雨のあとに虹 その142
俊之はパソコンに向かってメールを打って検索をした。文書を書いて疲れると珈琲を飲んで一休みした。時計を見ると日付が変わるまでには1時間ほどあった。目をパソコンから離して窓外を見ると空には月や星が輝いていた。そんな時にインターフォンが鳴った。人が尋ねてくる時間ではなかった。
「はい!」
俊之は言ってドアを開けると前には久美子が立っていた。
「俊さん。」
久美子は言った。そのあとの言葉続かずにそのまま黙っていて目には涙を浮かべていた。
「久美ちゃん。」
俊之は言った。いつもとは様子が違う久美子に俊之は気づいたがそれ以上は何も言わなかった。俊之が黙っていると久美子は玄関から入ってくるといきなり自分の全体重を俊之にかけてしっかりと俊之の後ろに手を回した。俊之はとっさに久美子を受止めていた。
「俊さん終わった事はもういいからね。」
久美子は言った。
「どうしたの?」
俊之が言うと
「これからが大事です。」
久美子は言った。
「何があったの?」
俊之が言うと
「この世にいらない人間なんていないのは解っているはずでしょ?」
久美子は言った。
「久美ちゃん落着いてよ。」
俊之が言うと
「目の前に幸福があったらすぐに掴み取らないとすぐに逃げていくのよ。」
久美子は言った。言いながら久美子の背中は小刻みに揺れていた。俊之は久美子を抱きとめながら久美子に何があったのかを少しずつ悟っていた。

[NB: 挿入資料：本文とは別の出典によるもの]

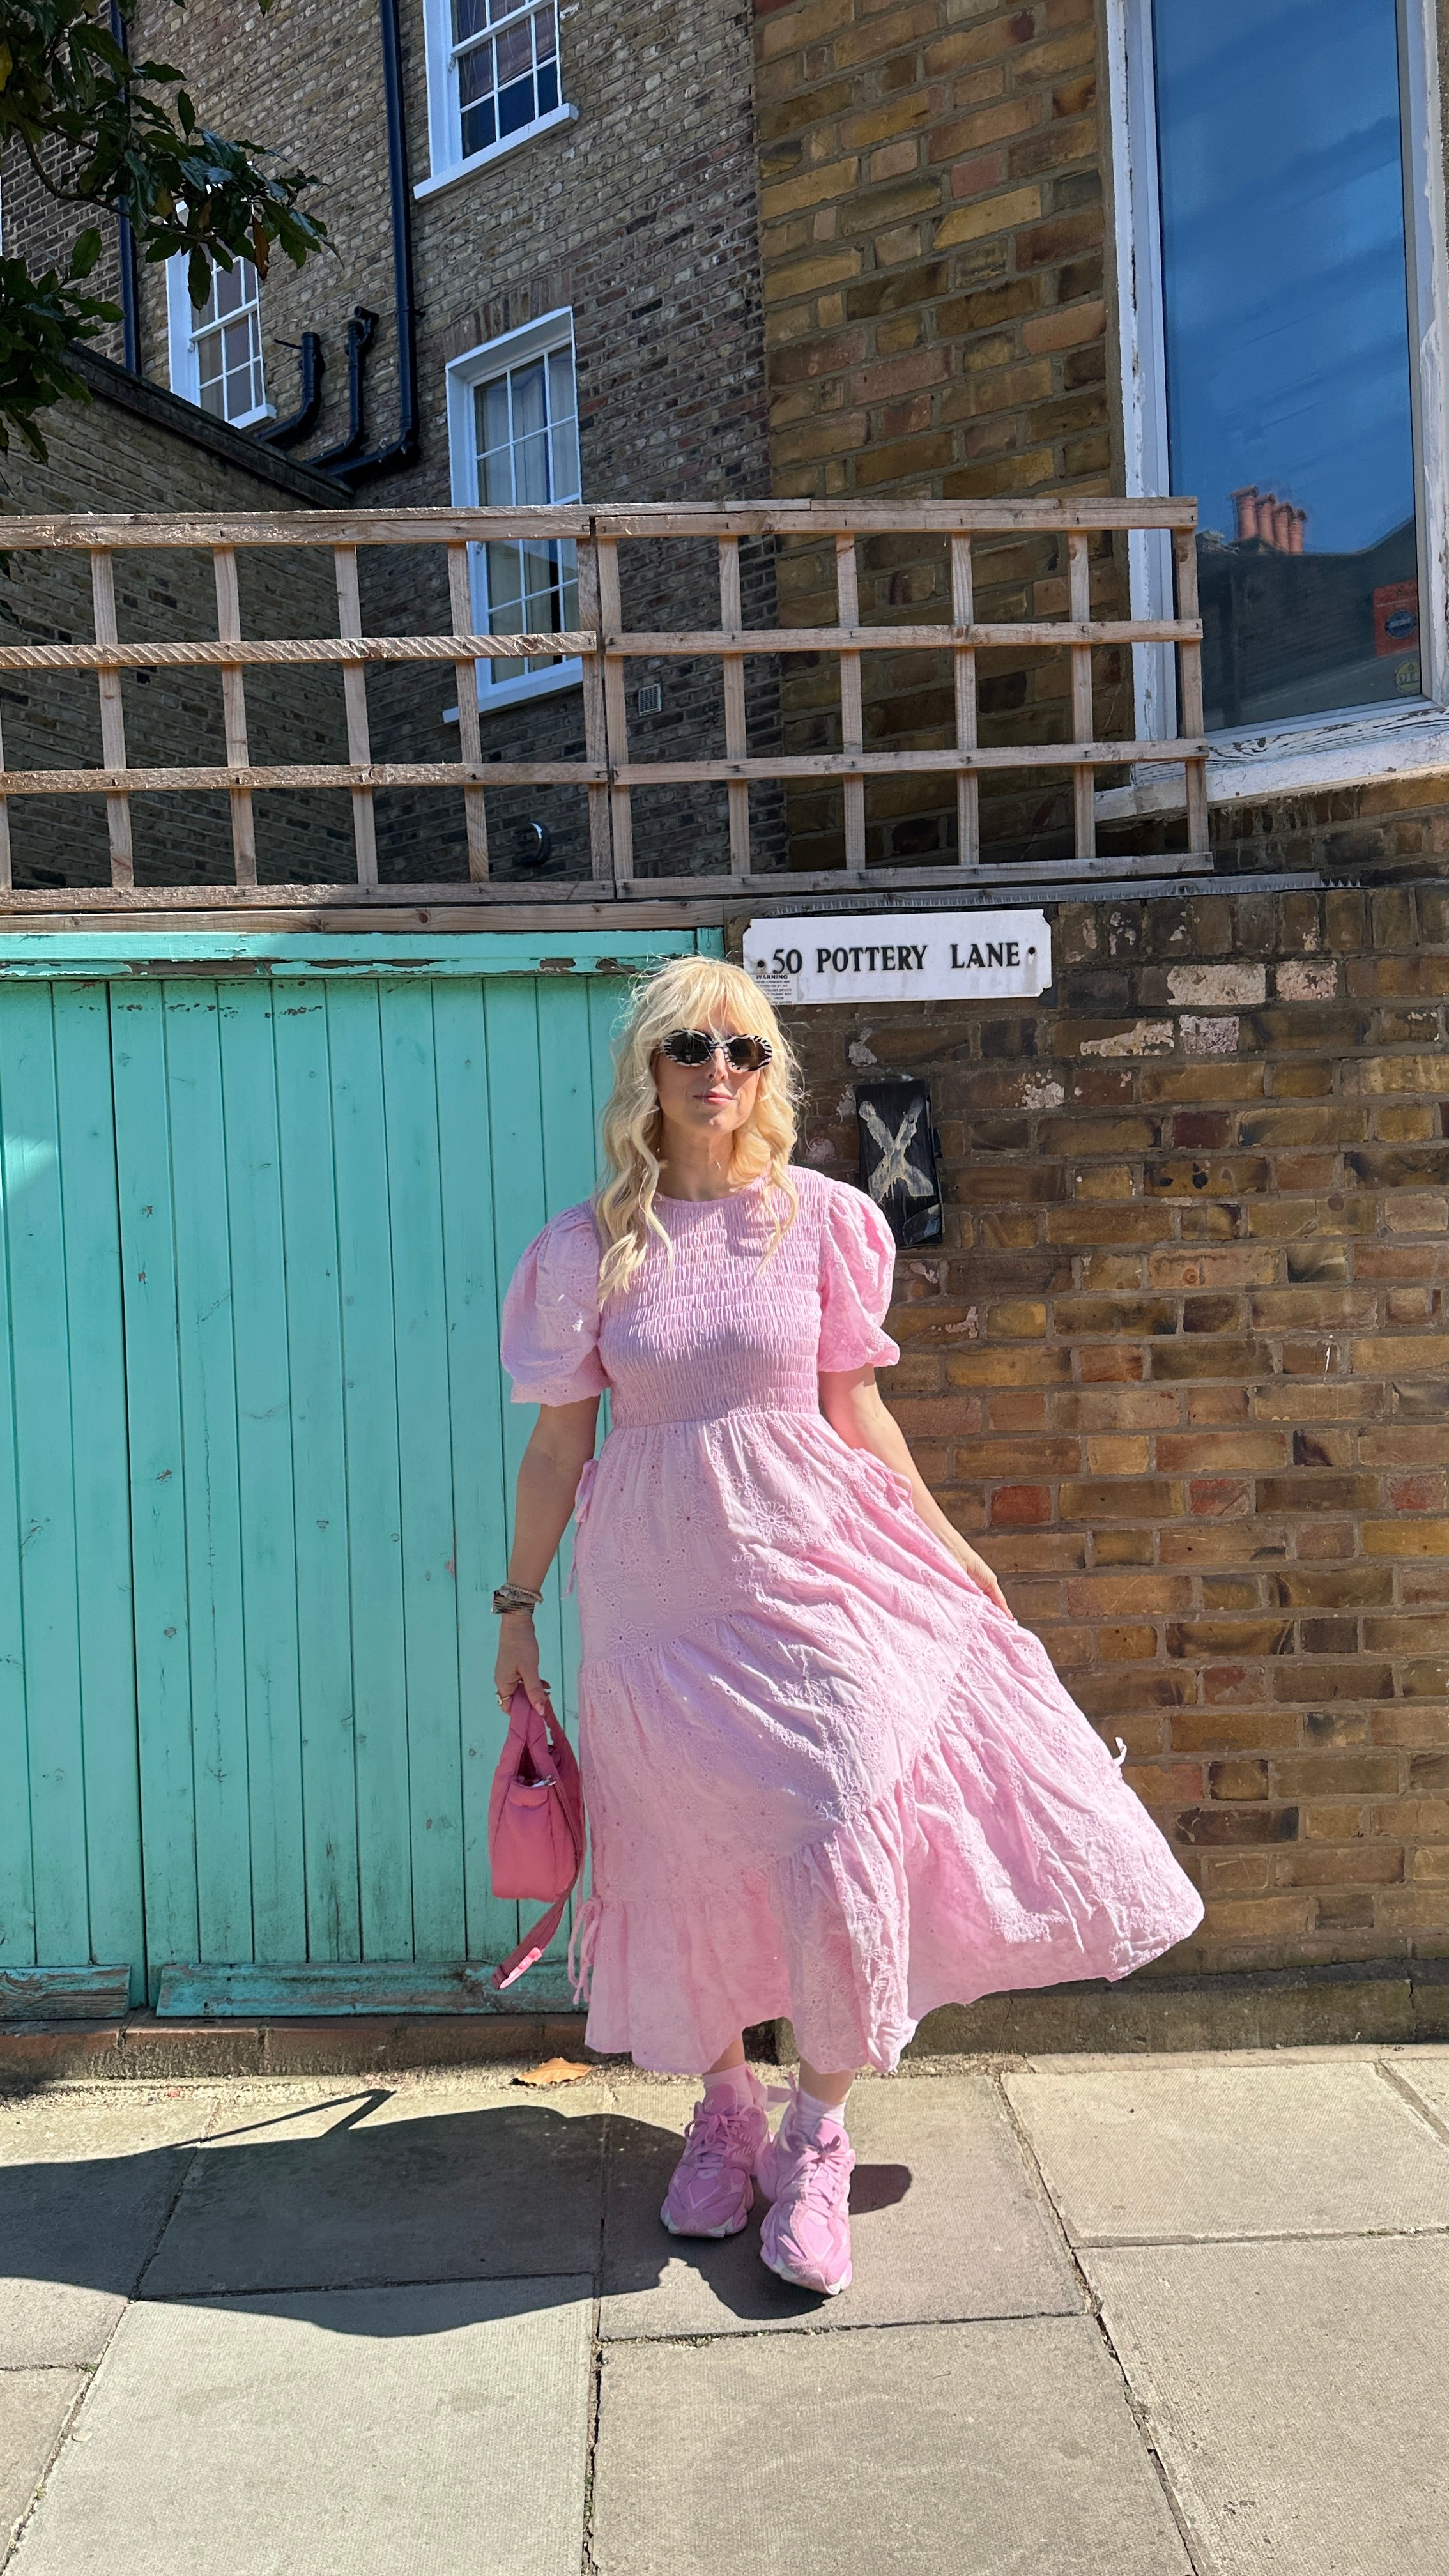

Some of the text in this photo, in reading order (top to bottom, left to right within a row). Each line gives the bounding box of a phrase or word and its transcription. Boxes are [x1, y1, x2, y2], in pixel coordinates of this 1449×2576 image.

[772, 942, 1020, 974] 50 POTTERY LANE

ふたりには時々誰にも邪魔をされない時間が流れる時がある。今夜はその何度目かの夜であった。その夜は俊之が俊之であり久美子が久美子であった。ふたりとも自分に正直で嘘はつかなかった。久美子は女性として少しずつ成長していき俊之は男としての自覚を深めていた。夜は少しずつ朝に変化してきていた。
「早くからすみません。」
おしゃれな喫茶店の席に俊之と桑田は座っていた。漫画家の桑田は精悍で俳優のような風貌であった。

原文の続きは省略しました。